--- YOUR ASSIGNMENT ---
I would like every record reproduced exactly, with the pictures left out.

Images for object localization
=== Begin Enclosure ===

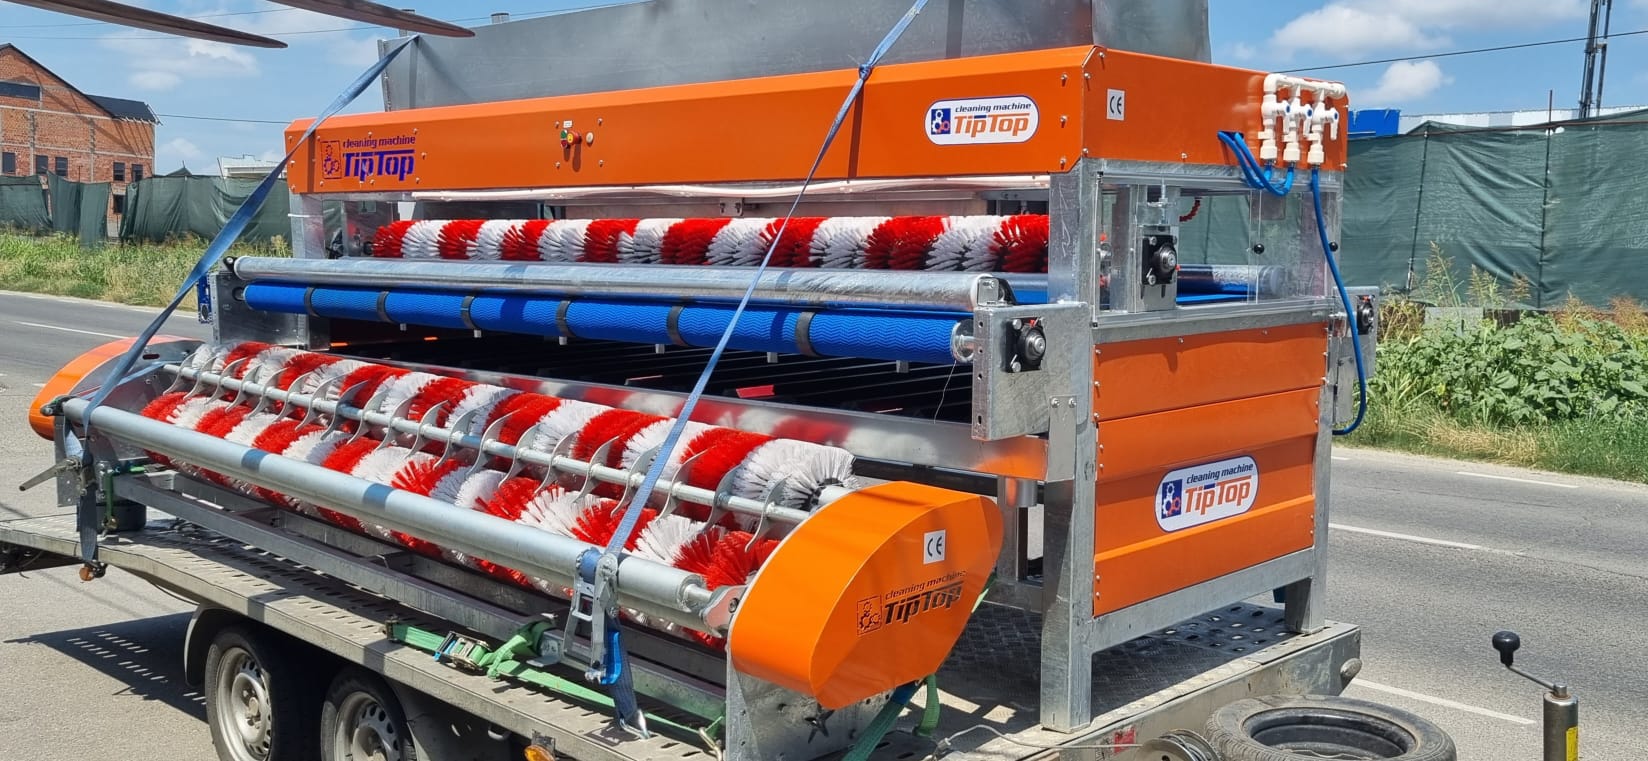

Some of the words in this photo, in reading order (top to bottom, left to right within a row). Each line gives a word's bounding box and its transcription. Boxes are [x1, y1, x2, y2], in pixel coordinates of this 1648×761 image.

[954, 104, 992, 113] cleaning
[993, 101, 1032, 111] machine
[343, 138, 377, 149] cleaning
[378, 135, 416, 147] machine
[1186, 470, 1221, 485] cleaning
[1221, 463, 1254, 477] machine
[885, 581, 925, 601] cleaning

=== End Enclosure ===

--- RESULT FOR THIS EXERCISE ---
Some of the words in this photo, in reading order (top to bottom, left to right within a row). Each line gives a word's bounding box and its transcription. Boxes are [x1, y1, x2, y2], in pixel coordinates of this 1648×761 image.

[954, 104, 992, 113] cleaning
[993, 101, 1032, 111] machine
[343, 138, 377, 149] cleaning
[378, 135, 416, 147] machine
[1186, 470, 1221, 485] cleaning
[1221, 463, 1254, 477] machine
[885, 581, 925, 601] cleaning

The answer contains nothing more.